● GOAL OF THE EXERCISE
Reproduction without pictures: print every entry precisely as written.

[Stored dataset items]

Start of Block

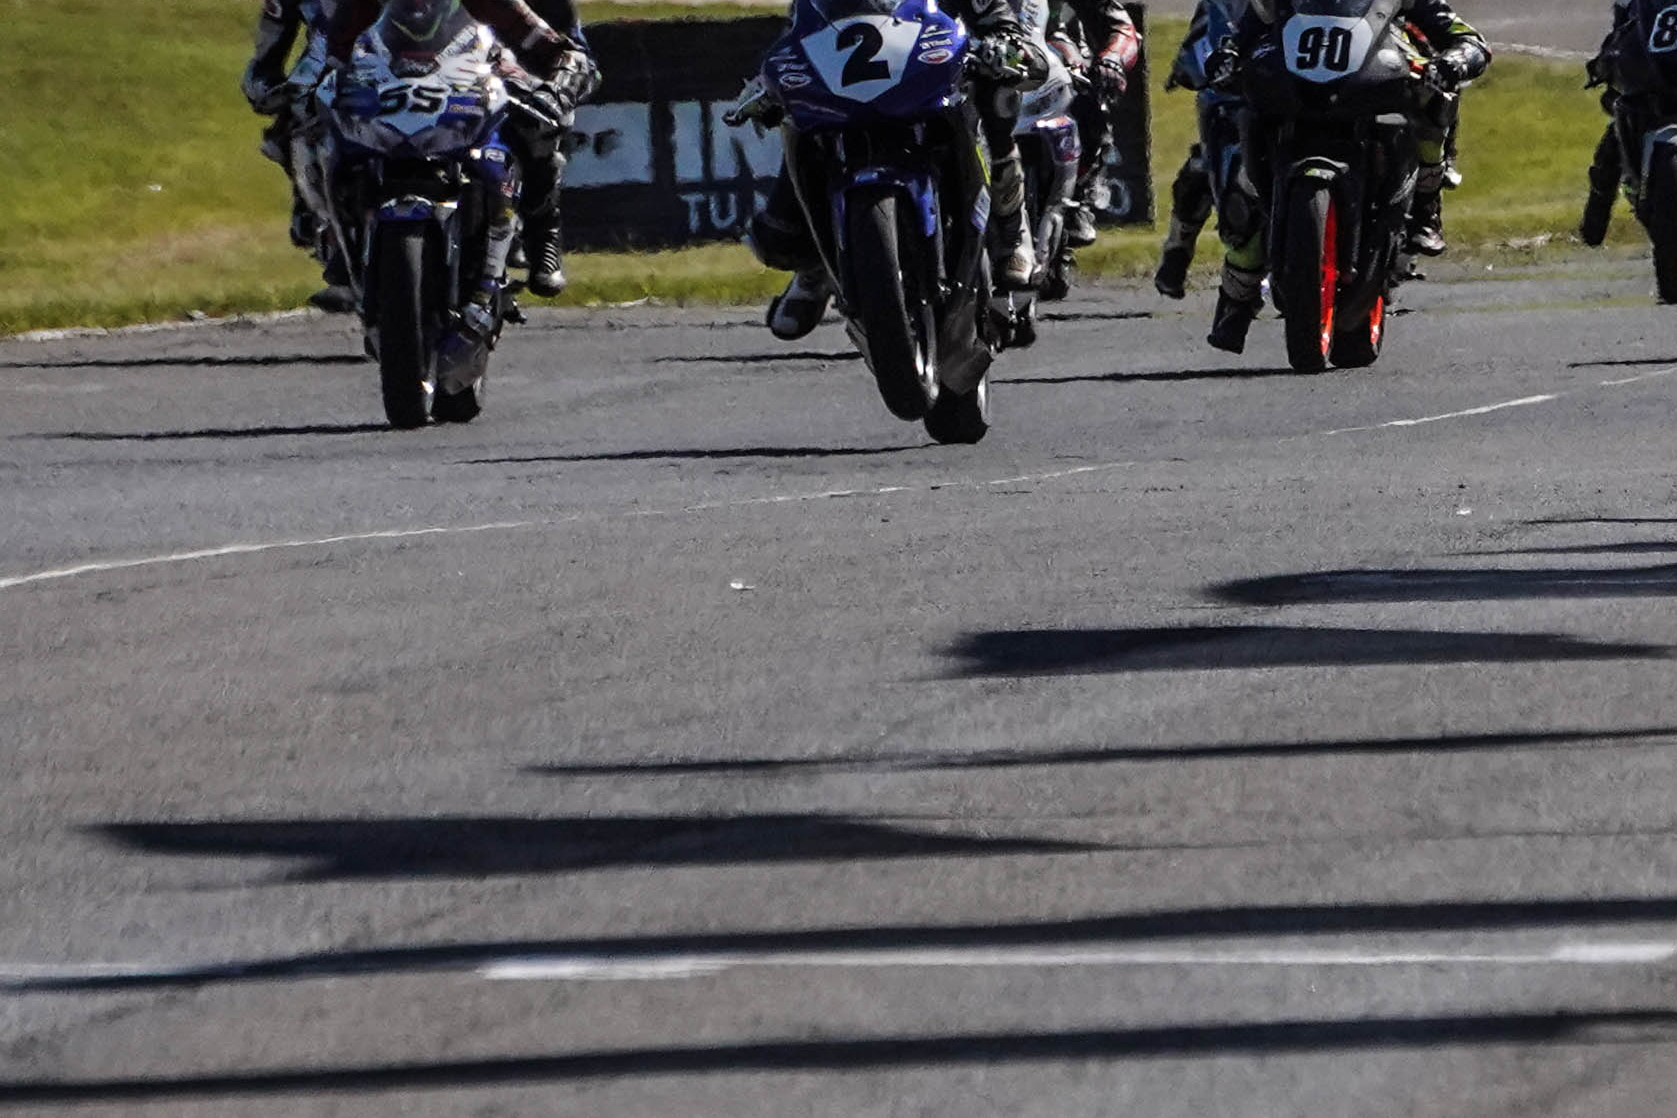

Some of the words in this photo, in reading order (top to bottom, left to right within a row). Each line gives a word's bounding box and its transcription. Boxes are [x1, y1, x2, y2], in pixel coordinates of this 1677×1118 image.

[836, 23, 891, 87] 2
[1296, 26, 1352, 71] 90
[378, 84, 446, 115] 55
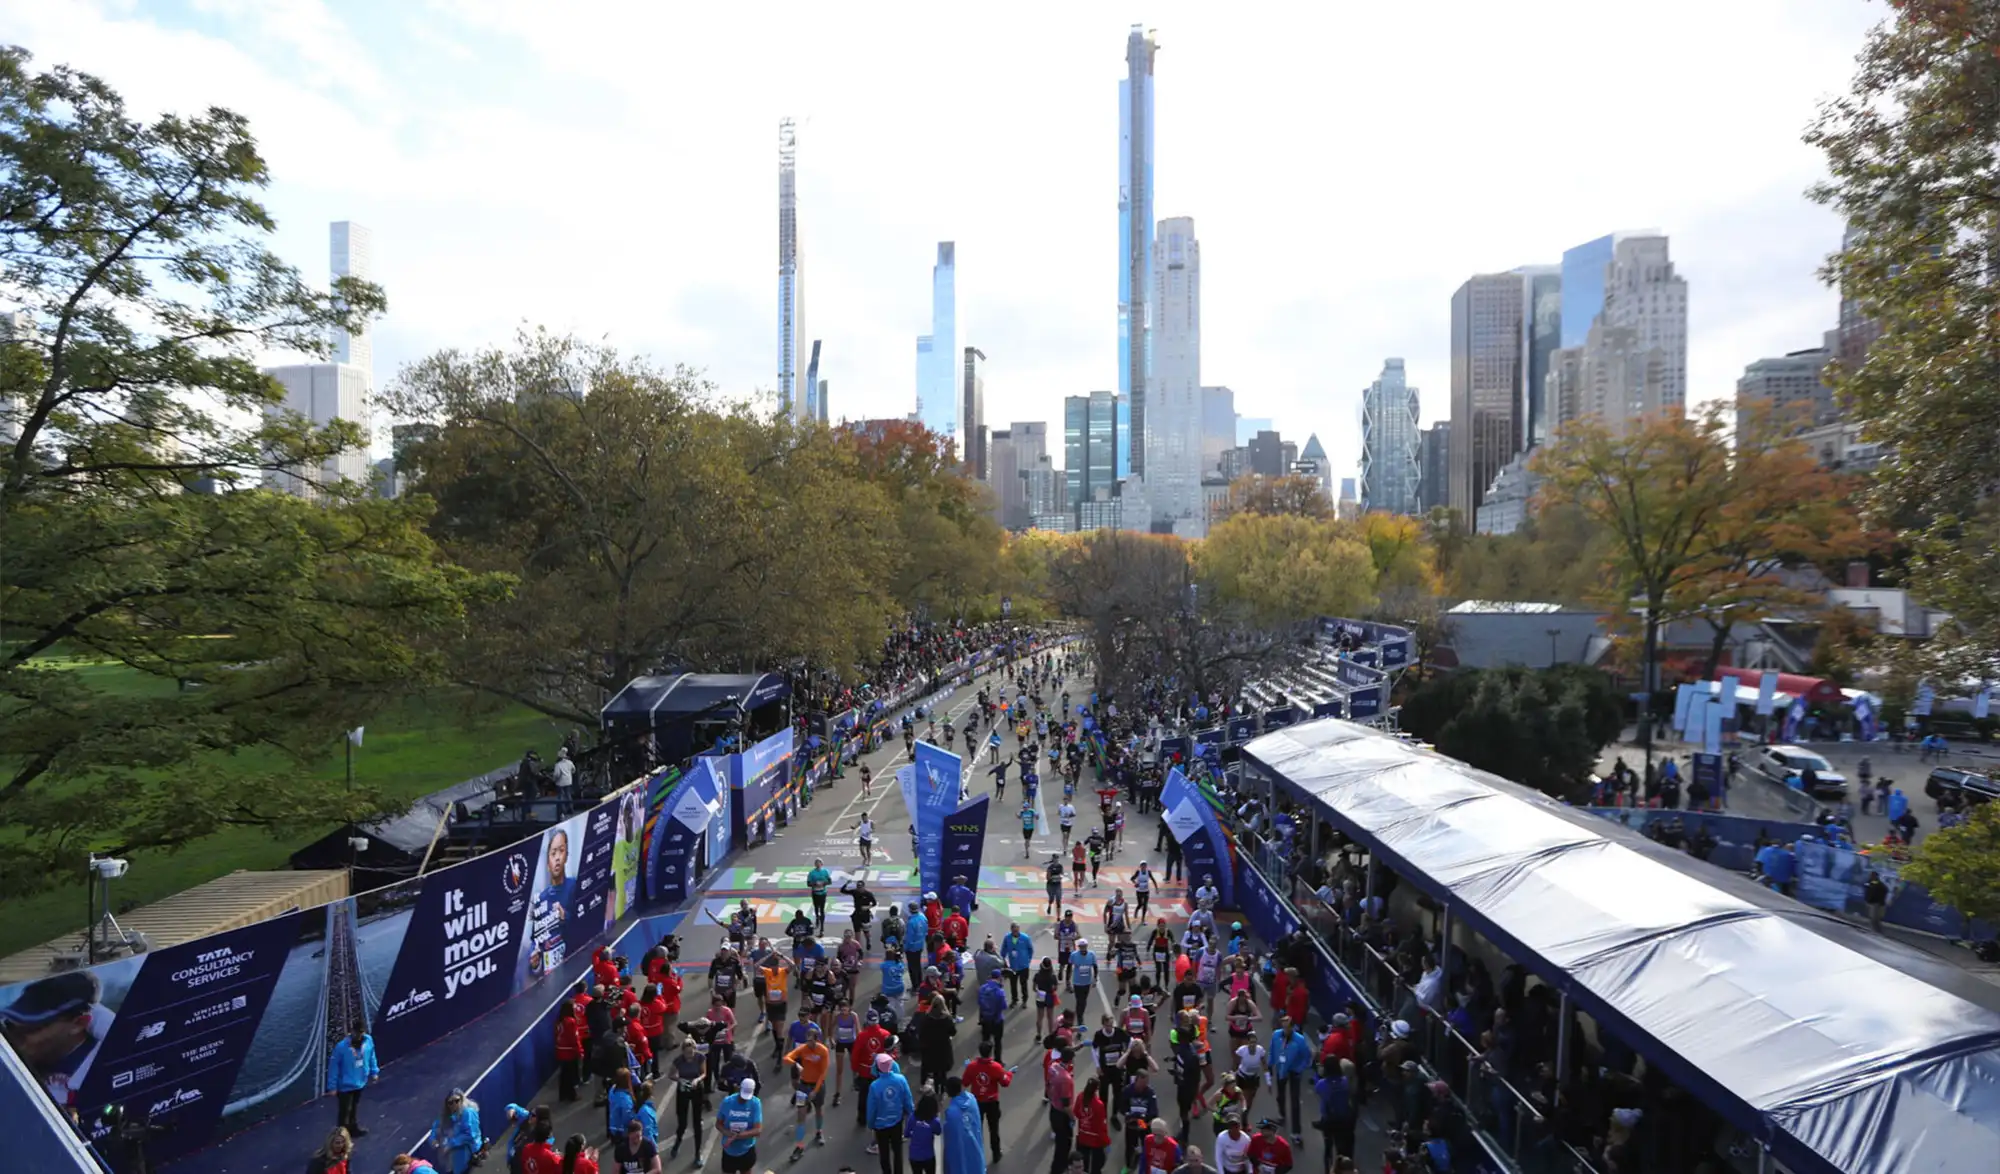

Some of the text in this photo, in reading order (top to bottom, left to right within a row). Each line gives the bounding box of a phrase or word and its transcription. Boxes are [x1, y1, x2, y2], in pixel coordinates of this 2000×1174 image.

[745, 869, 911, 884] FINSH
[444, 888, 464, 916] It
[443, 901, 488, 940] will
[444, 921, 509, 966] move
[196, 946, 232, 963] TATA
[171, 950, 255, 981] CONSULTANCY
[187, 965, 240, 988] SERVICES
[444, 956, 497, 999] you.
[183, 1006, 231, 1025] AIRLINES
[192, 1001, 231, 1017] UNITED
[181, 1048, 198, 1059] THE
[190, 1049, 218, 1062] FAMILY
[90, 1125, 113, 1140] TAT
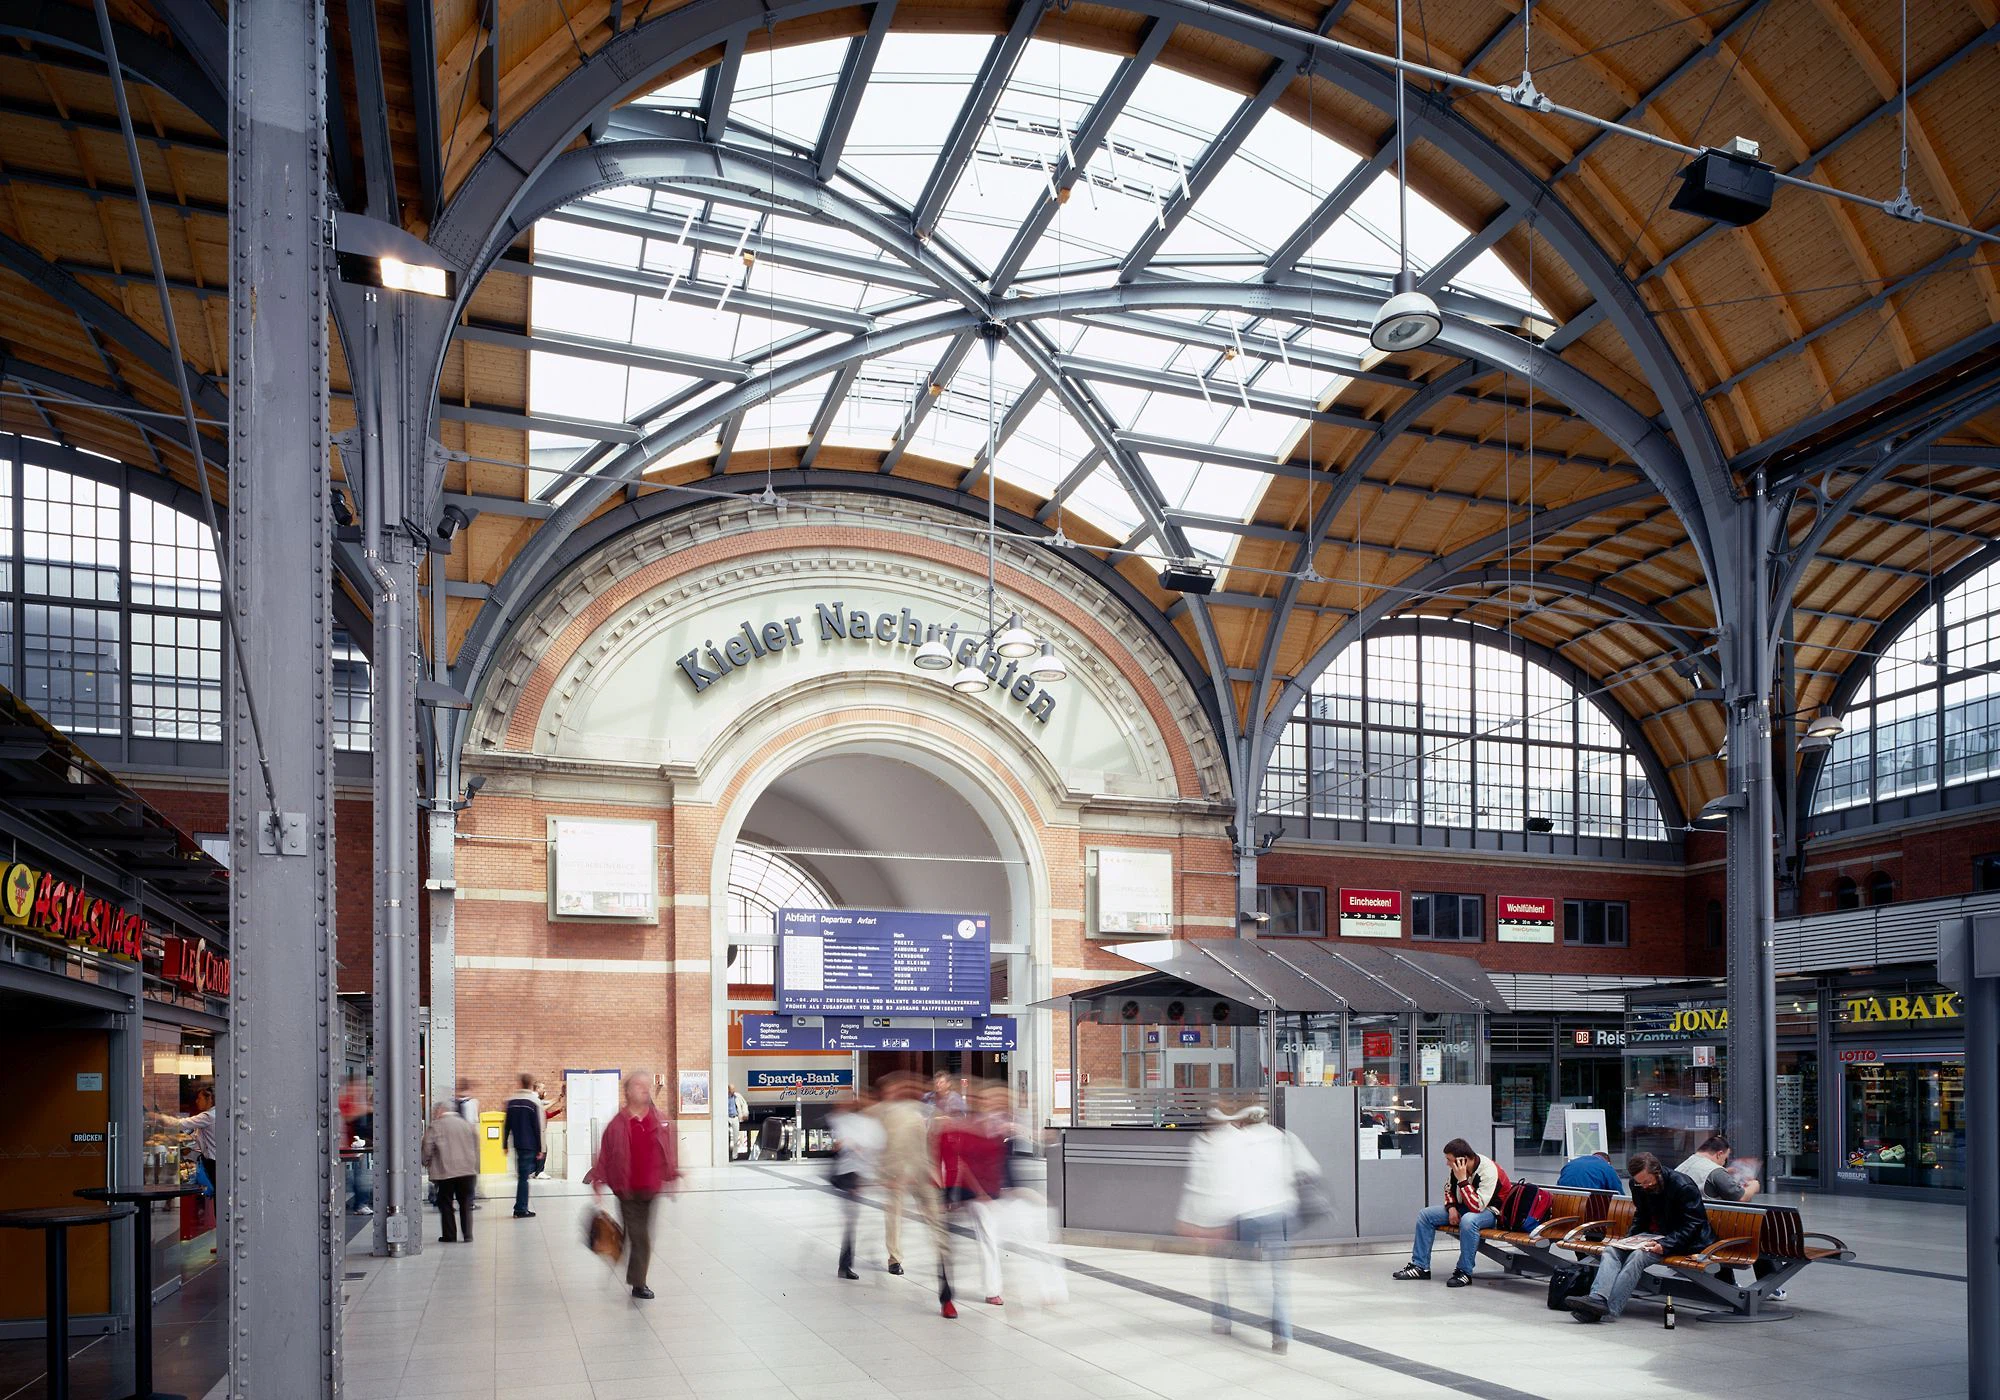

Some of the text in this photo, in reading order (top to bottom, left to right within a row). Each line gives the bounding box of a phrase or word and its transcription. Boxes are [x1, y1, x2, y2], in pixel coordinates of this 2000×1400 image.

[676, 615, 805, 693] Kieler
[1349, 896, 1392, 907] Einchecken!
[1506, 903, 1545, 914] Wohlfühlen!
[32, 871, 143, 962] ASIA-SNACK
[785, 913, 816, 922] Abfahrt
[820, 916, 852, 924] Departure
[1848, 993, 1958, 1022] TABAK
[1577, 1032, 1588, 1043] DB
[1840, 1050, 1877, 1061] LOTTO
[758, 1072, 839, 1086] Sparda-Bank
[74, 1133, 103, 1142] DRÜCKEN
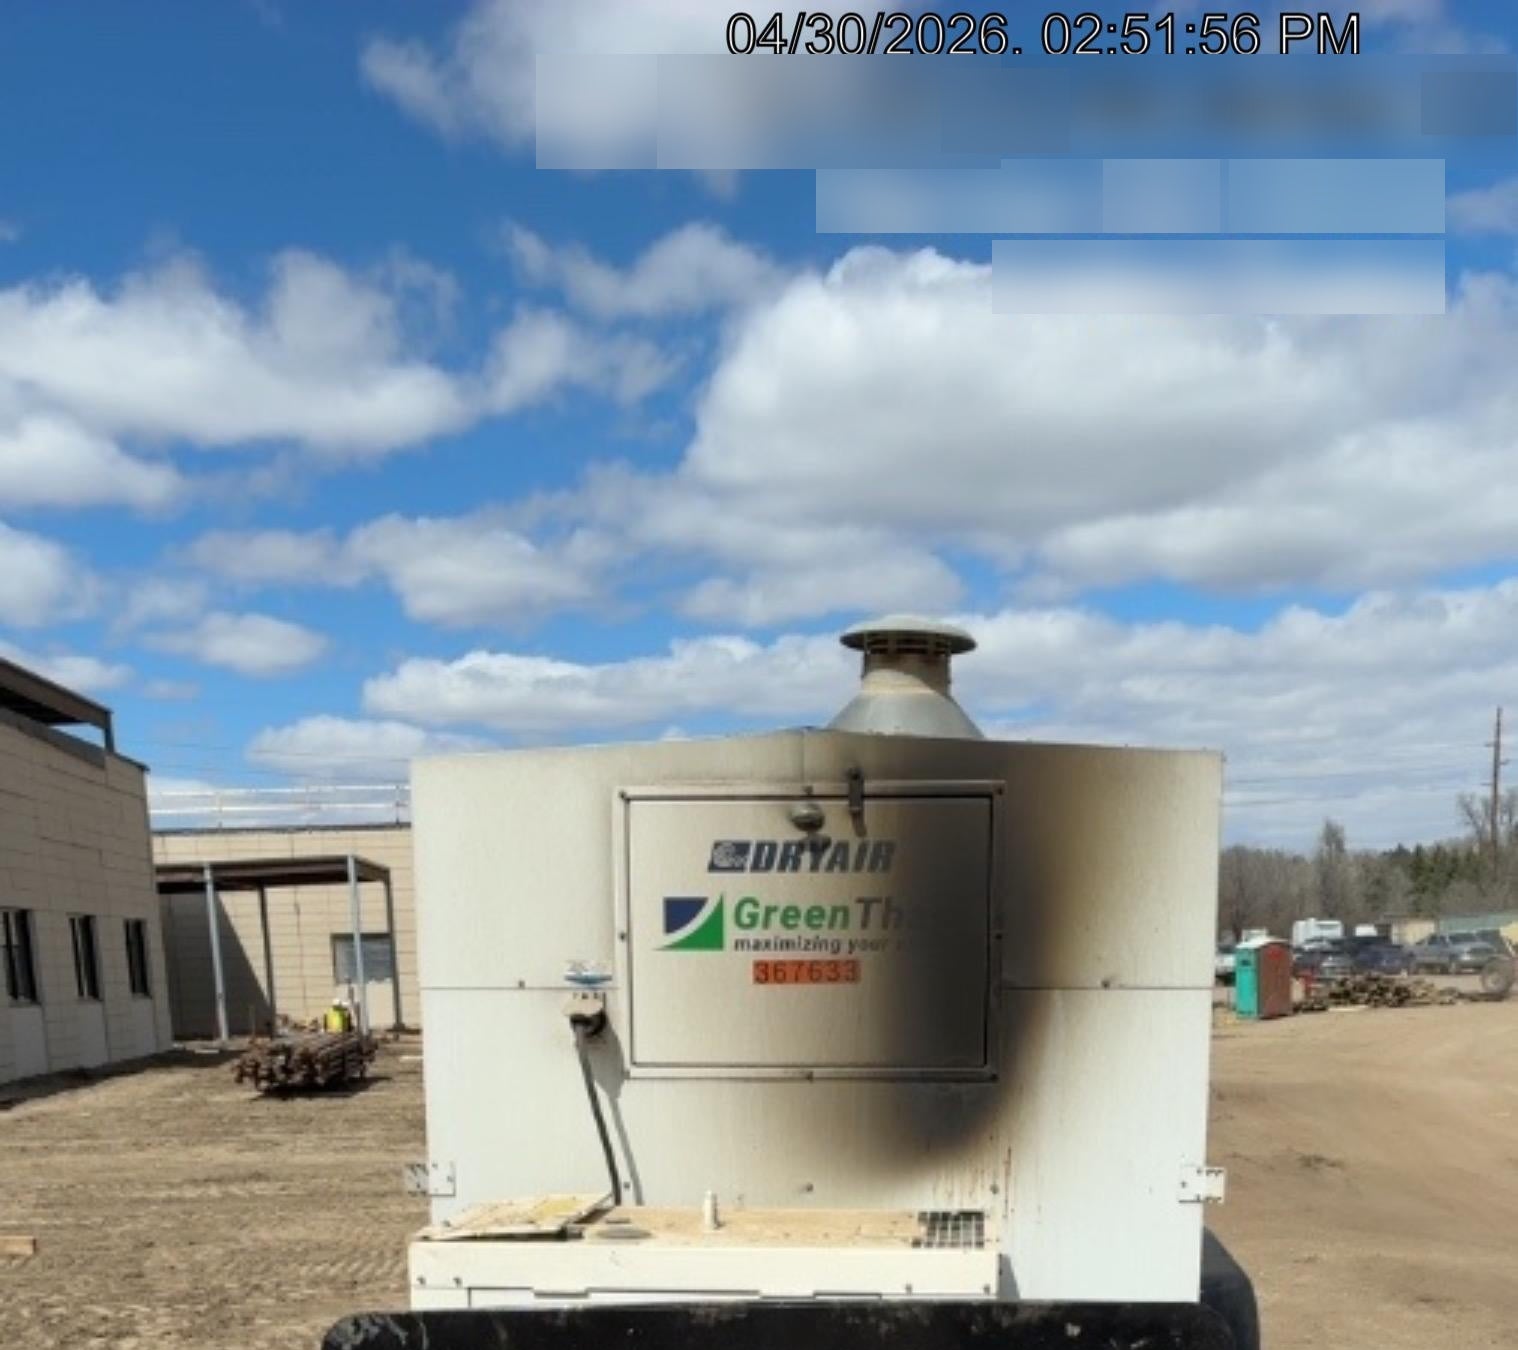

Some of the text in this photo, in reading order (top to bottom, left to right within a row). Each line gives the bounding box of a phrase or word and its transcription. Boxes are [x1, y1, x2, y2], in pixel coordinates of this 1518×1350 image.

End of Block

● OUTPUT FOR THIS EXERCISE
Some of the words in this photo, in reading order (top to bottom, left to right within a row). Each line gives a word's bounding box and its transcription. Boxes are [x1, y1, x2, y2], in pixel coordinates of this 1677×1118 image.

[836, 23, 891, 87] 2
[1296, 26, 1352, 71] 90
[378, 84, 446, 115] 55

Some of the text in this photo, in reading order (top to bottom, left to right within a row). Each line gives the bounding box of a phrase or word and its transcription. Boxes are [x1, y1, x2, y2], in pixel coordinates of this 2000×1174 image.

[745, 869, 911, 884] FINSH
[444, 888, 464, 916] It
[443, 901, 488, 940] will
[444, 921, 509, 966] move
[196, 946, 232, 963] TATA
[171, 950, 255, 981] CONSULTANCY
[187, 965, 240, 988] SERVICES
[444, 956, 497, 999] you.
[183, 1006, 231, 1025] AIRLINES
[192, 1001, 231, 1017] UNITED
[181, 1048, 198, 1059] THE
[190, 1049, 218, 1062] FAMILY
[90, 1125, 113, 1140] TAT

Some of the text in this photo, in reading order (top to bottom, left to right within a row). Each line gives the bounding box of a phrase or word and its transcription. Boxes are [x1, y1, x2, y2], in pixel coordinates of this 2000×1400 image.

[676, 615, 805, 693] Kieler
[1349, 896, 1392, 907] Einchecken!
[1506, 903, 1545, 914] Wohlfühlen!
[32, 871, 143, 962] ASIA-SNACK
[785, 913, 816, 922] Abfahrt
[820, 916, 852, 924] Departure
[1848, 993, 1958, 1022] TABAK
[1577, 1032, 1588, 1043] DB
[1840, 1050, 1877, 1061] LOTTO
[758, 1072, 839, 1086] Sparda-Bank
[74, 1133, 103, 1142] DRÜCKEN

Some of the text in this photo, in reading order (top to bottom, left to right within a row). Each line gives the bounding box of a phrase or word and its transcription. Boxes are [x1, y1, x2, y2], in pixel coordinates of this 1518×1350 image.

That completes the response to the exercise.